The United States Army Space and Missile Defense Command (USASMDC) is the Army Service Component Command (ASCC) for United States Strategic Command and United States Space Command. It was established in 1985 as the Army Strategic Defense Command, responsible for ballistic missile defense. In 1992, it merged with Army Space Command to become Army Space and Strategic Defense Command. In 1997, it became an Army Major Command and was redesignated Army Space and Missile Defense Command.

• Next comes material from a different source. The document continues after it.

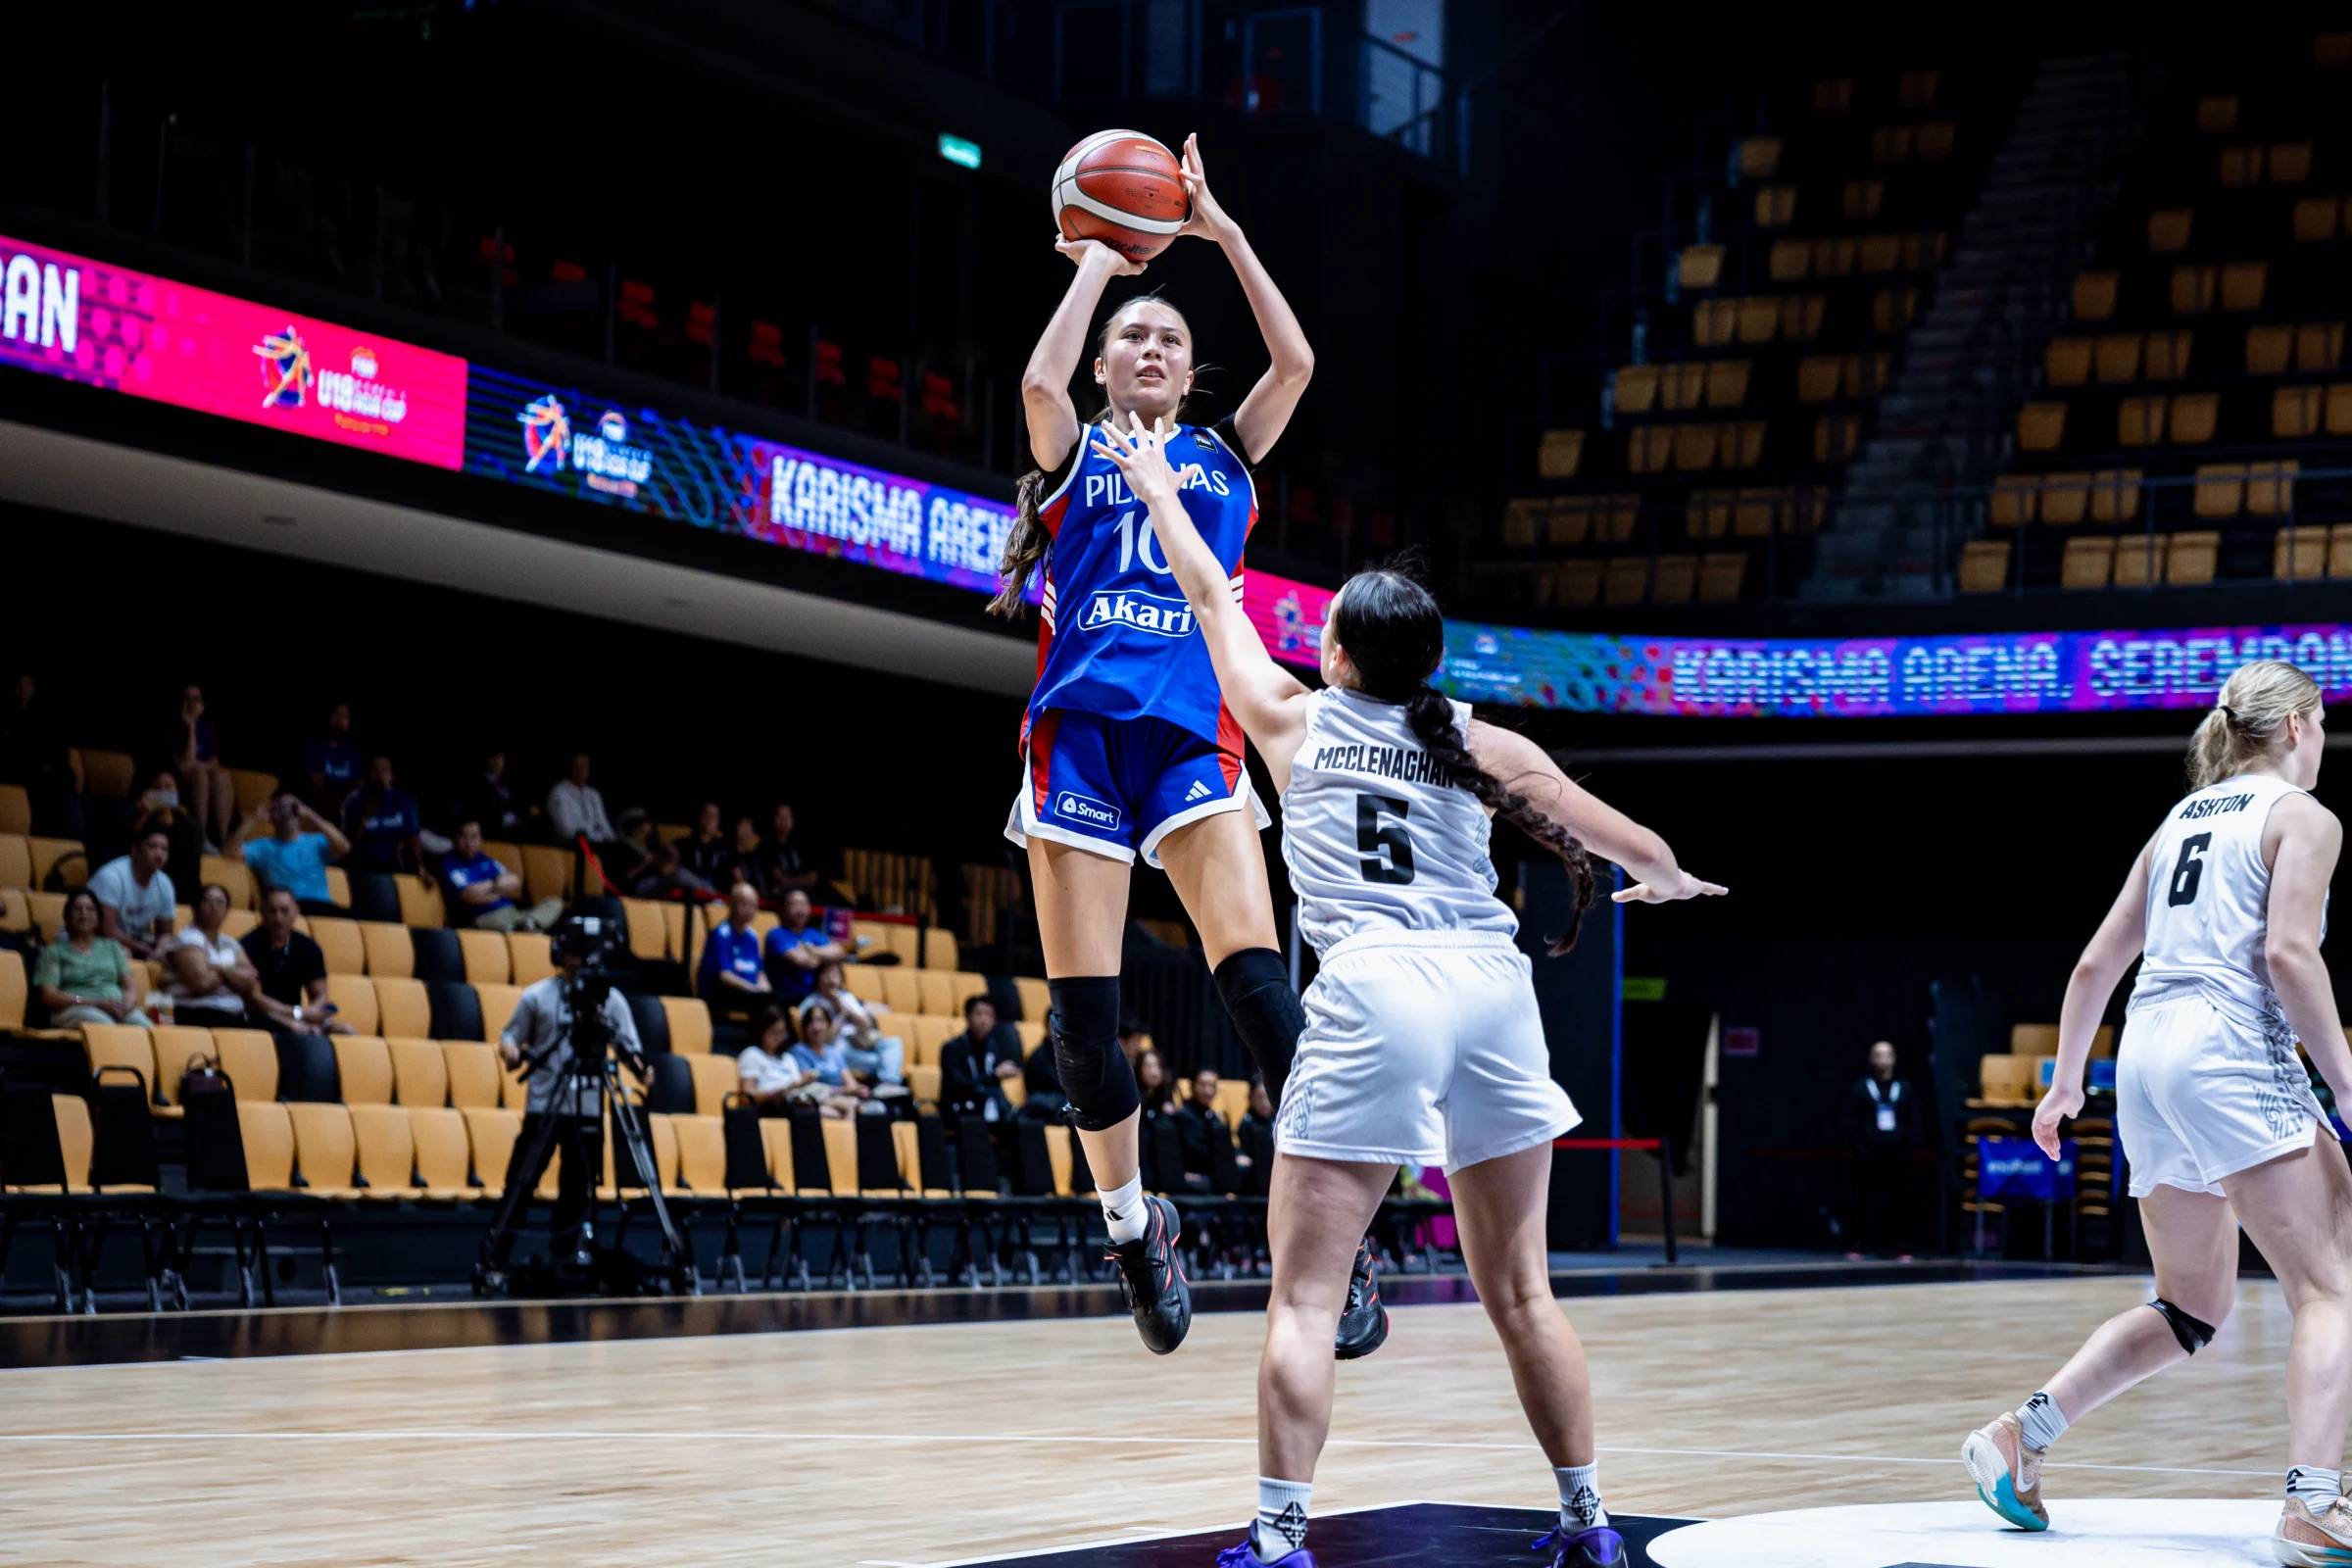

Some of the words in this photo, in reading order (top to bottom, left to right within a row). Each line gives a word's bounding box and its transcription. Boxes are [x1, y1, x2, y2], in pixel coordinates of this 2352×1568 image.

Army Space and Missile Defense Command is responsible for developing and providing the Army with space, missile defense and high altitude capabilities. It consists of two operational elements: the 100th Missile Defense Brigade and the 1st Space Brigade. The commander of Army Space and Missile Defense Command also serves as the commander of United States Space Command's Joint Functional Component Command for Integrated Missile Defense.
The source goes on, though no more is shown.